My Sunday column (below, and linked here) focused on the secrecy surrounding shipments of dangerous cargo by rail, and contrasting that with the public information available about other chemical hazards. Some readers make a good point by saying that people can indeed find out the contents of individual tank cars by examining the federally-mandated placards on each one. One caller said there's an app for that, called the Cargo Decoder.
Those are clearly designed to help first responders know what they're encountering when they arrive at the scene of an accident, as opposed to the kind of community disclosure and right-to-know information I was talking about. But it's a good point.
Meanwhile, in a letter last week to a federal agency considering new rules for rail cargo safety, the city of Chicago - home to 25 percent of the nation's rail traffic - has called for better information on those placards, so they do not require a lookup by first responders. The city also wants written spill response plans from shippers and "accurate real time information about the materials being shipped."
Here's the column:
On a dead-end street in St. Paul, Susan Juaire runs a home day care with a scenic overlook of boxcars, locomotives and railroad tracks. Though she doesn't like it, Juaire has gotten used to the constant noise of shipping containers being loaded between trucks and trains.

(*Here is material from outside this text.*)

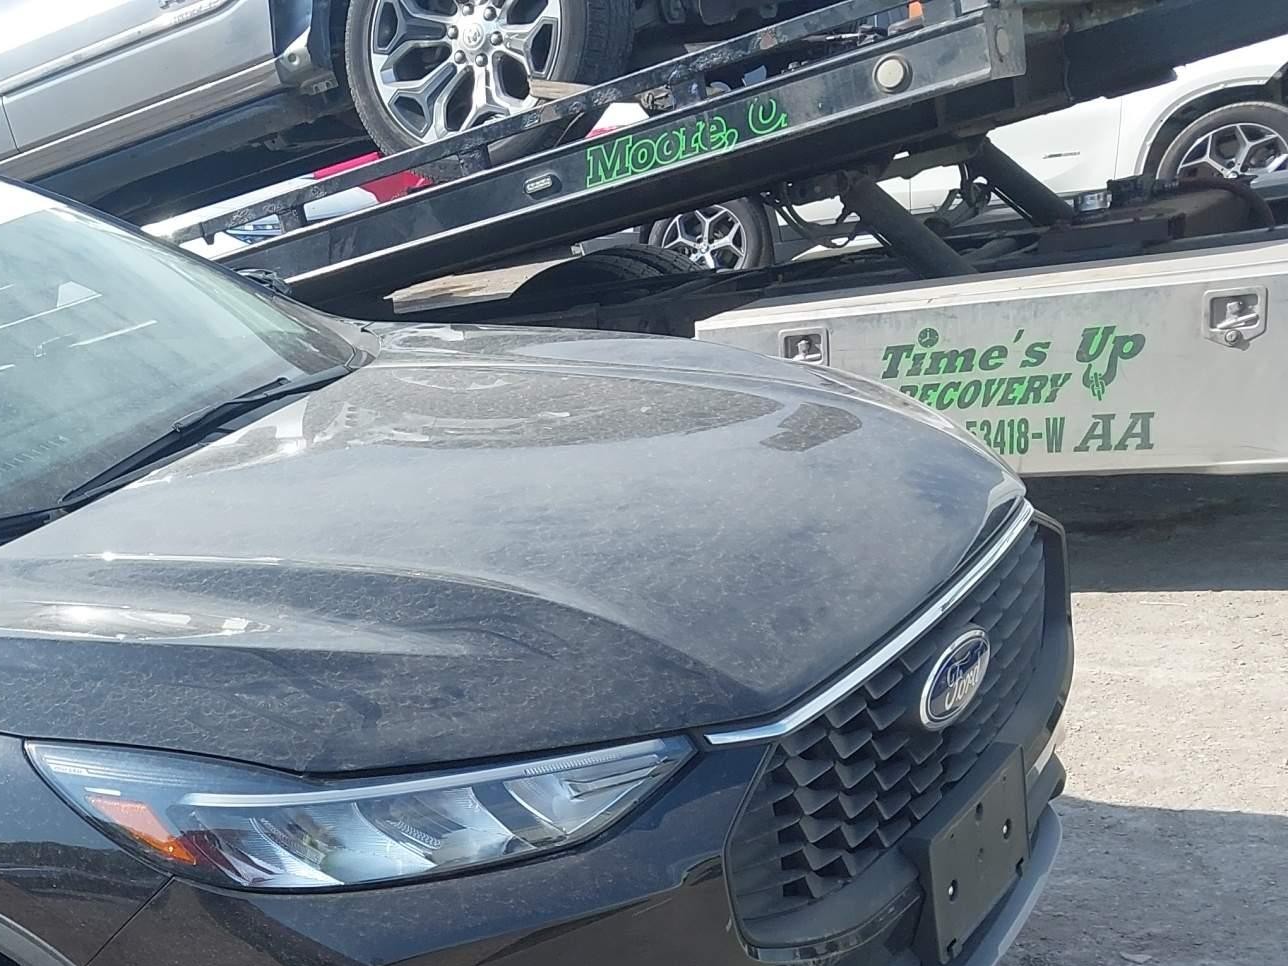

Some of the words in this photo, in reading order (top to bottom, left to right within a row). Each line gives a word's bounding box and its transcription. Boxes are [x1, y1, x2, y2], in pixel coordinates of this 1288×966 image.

She can't say the same thing about the long lines of tank cars that roll by daily, without stopping.
"It makes you wonder," she said. "You never know totally what's in there."
Her husband, Barry, thinks they ought to have a way to find out. It doesn't take much for a train to derail, he said. "If they've got something hazardous there that could blow up the whole neighborhood, I'd like to know that, and what safety precautions they have."